In rosso gli indici statunitensi questo pomeriggio in scia al debole andamento delle piazze azionarie europee. Il Dow Jones IA mostra un calo dello 0,10%, S&P500 dello 0,56% e il Nasdaq Composite dello 0,82%. In Europa il Ftse 100 di Londra ha terminato le negoziazioni con un -1,4%, il Dax di Francoforte un -1,85%, il Cac40 di Parigi un -2,80% e l’Ibex35 di Madrid un -3,9%. I listini del Vecchio Continente risentono del ritorno dei timori degli investitori sull’evoluzione della crisi debitoria sulla scia dell’incertezza del Governo di Madrid sulla richiesta di aiuti internazionali, condizione necessaria per attivare il piano di salvataggio da parte della BCE. Tali preoccupazioni hanno fatto innalzare il costo del finanziamento dei paesi periferici della Zona Euro sul mercato obbligazionario (il bond decennale spagnolo ha superato il 6%, il btp decennale italiano è salito al 5,20%). Di conseguenza in forte rialzo gli spread con il bund tedesco (btp/bund a 375 pb dai 355 pb dell’apertura).
 

Italia: seduta in forte calo per il FTSE Mib

A Piazza Affari il Ftse Mib ha archiviato le contrattazioni in flessione del 3,3% a 15408 punti.
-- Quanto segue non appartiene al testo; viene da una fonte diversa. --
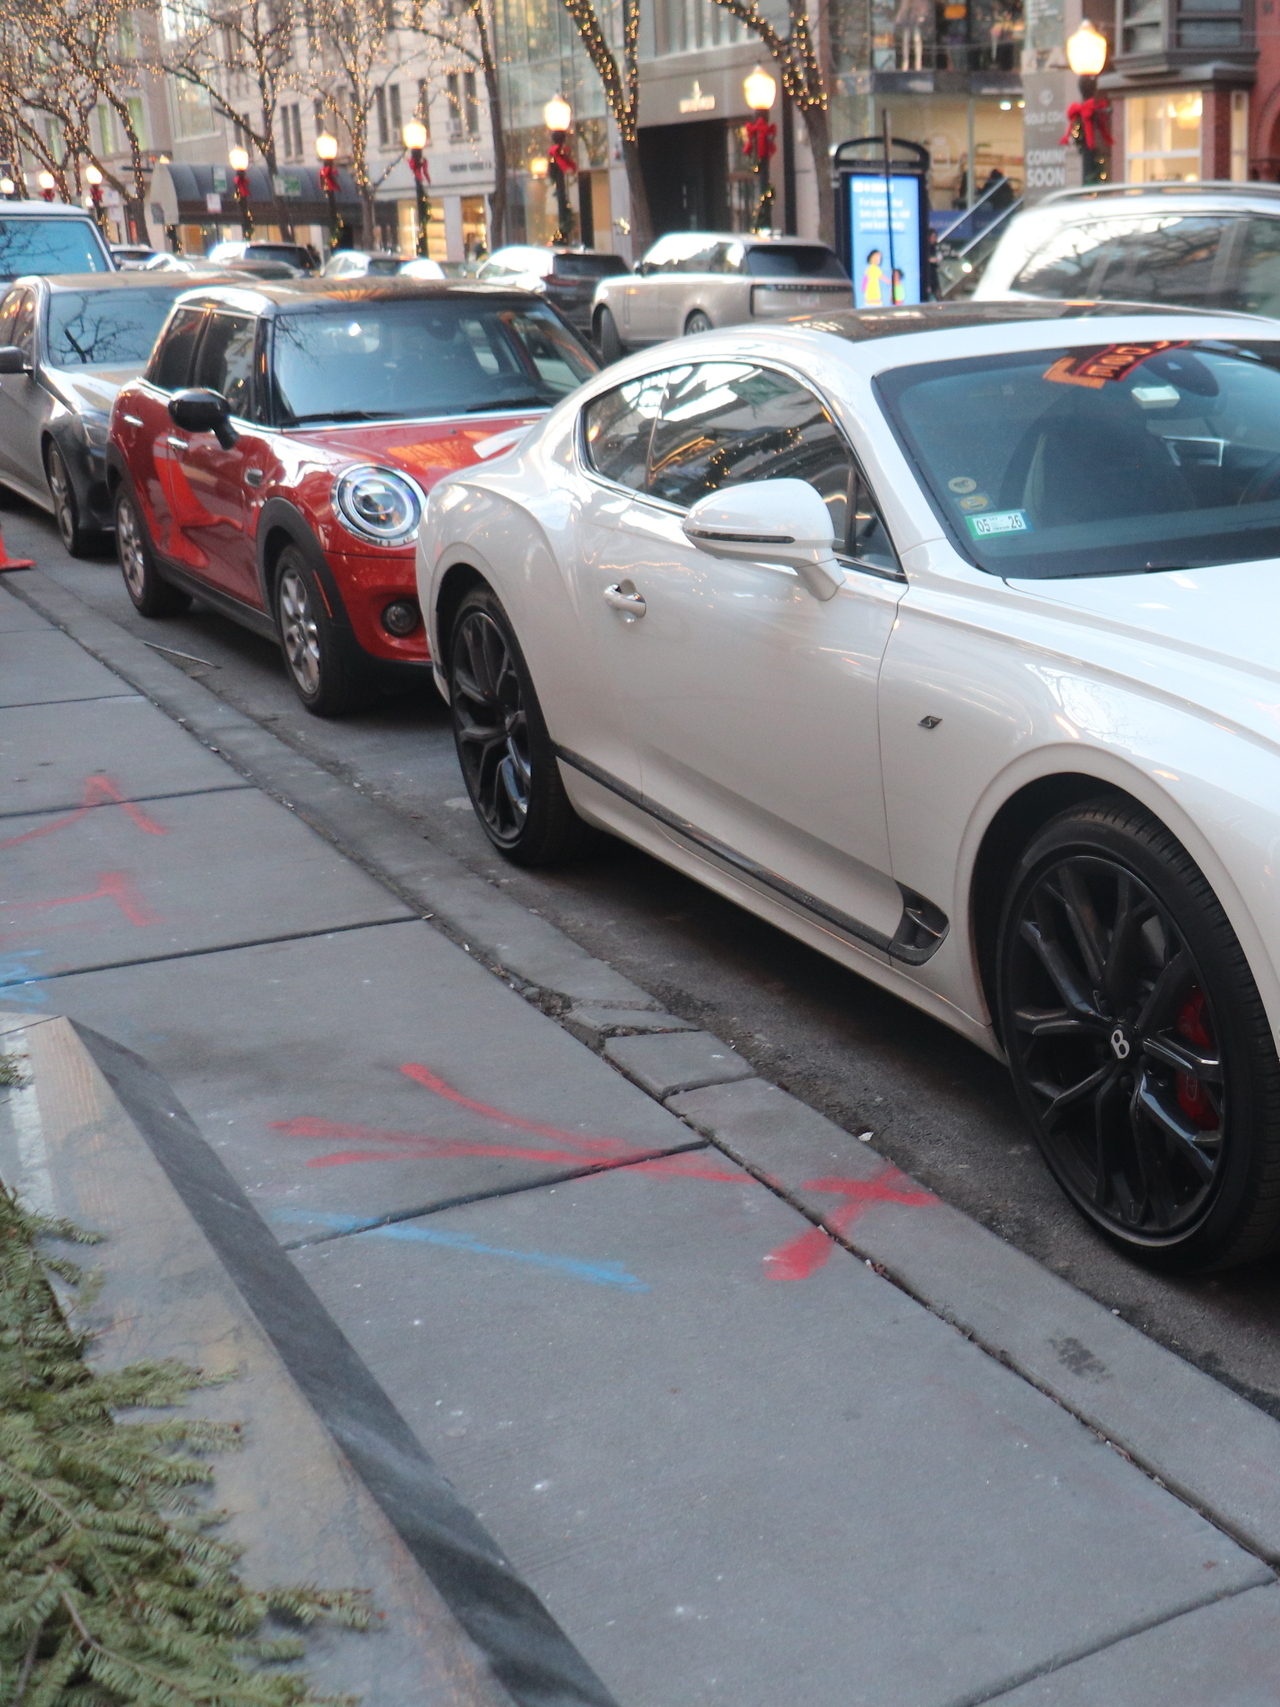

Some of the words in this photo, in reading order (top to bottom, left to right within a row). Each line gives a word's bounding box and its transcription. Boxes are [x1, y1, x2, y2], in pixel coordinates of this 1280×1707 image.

Forti vendite sul comparto bancario (Ubi Banca -5,8%, Banco Popolare -6,2%, BP Milano -5,7%, BPER -5,3%) sulla scia dell’aumento delle tensioni sul debito italiano.
                                                                                                                

                                                                                                    
Valute: indicazioni negative per il cambio euro/dollaro

Tra le valute, prosegue la flessione dell’euro rispetto al biglietto verde, al momento scambiato a 1,2842. Dal punto di vista tecnico il cambio eur/usd sembra voler testare il fondamentale supporto rappresentato dalla media mobile a 200 sedute ora a 1,28. L’eventuale cedimento di tale sostegno, infatti, indebolirebbe notevolmente il quadro tecnico, creando i presupposti per un’estensione della discesa fino sui supporti a 1,2745, massimo di giugno, e 1,2650, area di transito della trendline rialzista partita dai bottom di fine luglio. Suddetti livelli sono baluardi inviolabili per mantenere vive le prospettive di crescita di medio periodo. Solamente una perentoria vittoria al di sopra delle resistenze a 1,2920 e 1,30 ridarà forza ai corsi per allungare in direzione di 1,3172.
 

Macro: negli States vendite di nuove case di agosto inferiori alle attese

Sul fronte macro, dato interessante sul settore immobiliare statunitense. Il Dipartimento del Commercio USA ha infatti comunicato che le vendite di nuove case si sono attestate nel mese di agosto a 373 mila unità (consensus 380 mila unità).
 

Titoli di Stato:  deludente asta tedesca, non brilla neppure quella italiana

Sul fronte governativo, importanti aste in Italia e in Germania. Il Tesoro del Bel Paese ha assegnato 9 miliardi di euro in bot semestrali con un rendimento in calo all’1,503% dall’1,585% dell’asta precedente (bid to cover ratio all’1,39, in discesa rispetto all’1,69 della previous auction). Delude l’asta tedesca. L’agenzia del Tesoro ha collocato solamente 3,951 miliardi di euro in bund con scadenza nel 2022, inferiore al target offerto pari a 5 miliardi di euro (rendimento medio all’1,50%).
 

Commodity:

Tra le commodity, seduta in ribasso per l’oro. Il cfd sul metallo prezioso scende a 1744 dollari l’oncia. Male anche il petrolio. Il cfd sul light crude scende a 89,29 dollari al barile. Oggi l’EIA ha comunicato che le scorte settimanali di petrolio sono diminuite di 2,4 mln di barili.